*Your task*.
Restate every record exactly as it is written, while omitting the pictures it holds.

*Input*.
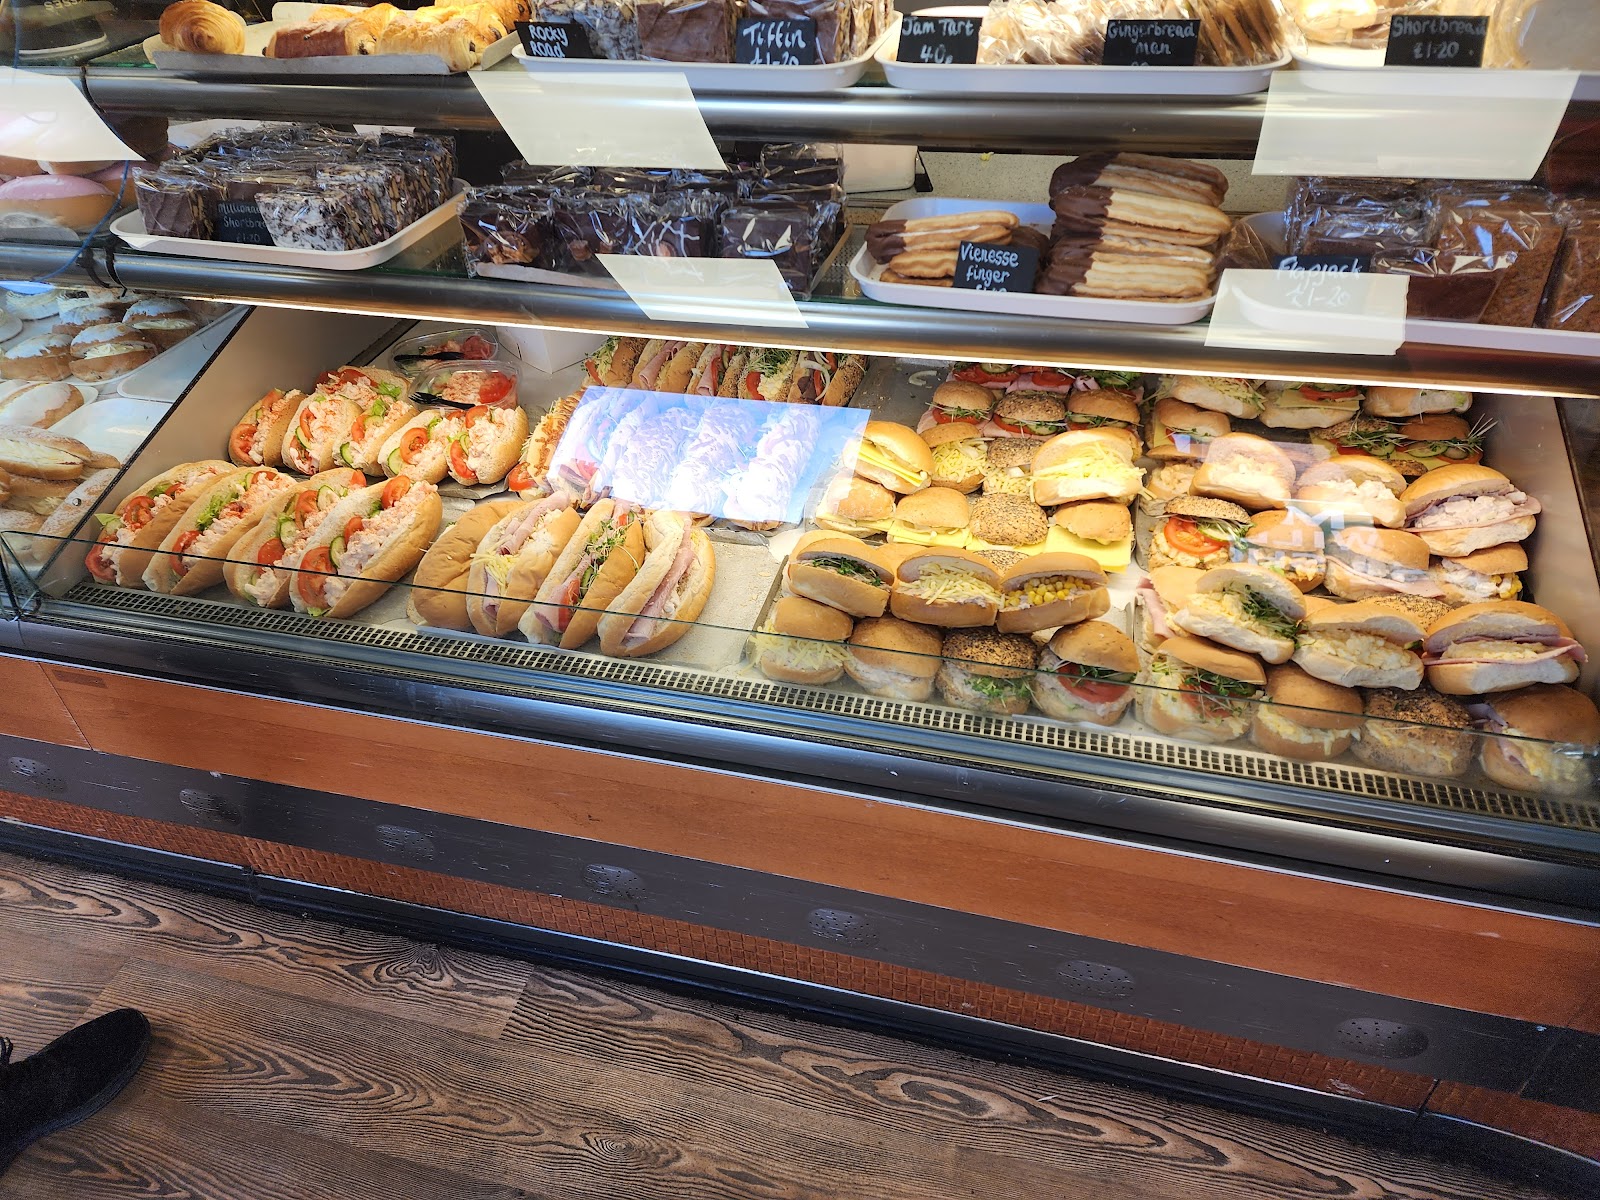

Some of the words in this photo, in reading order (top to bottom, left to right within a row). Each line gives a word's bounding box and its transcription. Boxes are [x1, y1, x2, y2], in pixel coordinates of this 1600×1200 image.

[742, 21, 806, 48] Tiffin
[902, 16, 936, 36] Jam
[938, 18, 975, 37] Tart
[1391, 16, 1487, 38] Shortbread
[961, 242, 1019, 268] Vienesse
[966, 264, 1010, 288] finger
[1277, 255, 1363, 291] Flapjack

*Your response*.
Some of the words in this photo, in reading order (top to bottom, left to right within a row). Each line gives a word's bounding box and its transcription. Boxes are [x1, y1, x2, y2], in pixel coordinates of this 1600×1200 image.

[742, 21, 806, 48] Tiffin
[902, 16, 936, 36] Jam
[938, 18, 975, 37] Tart
[1391, 16, 1487, 38] Shortbread
[961, 242, 1019, 268] Vienesse
[966, 264, 1010, 288] finger
[1277, 255, 1363, 291] Flapjack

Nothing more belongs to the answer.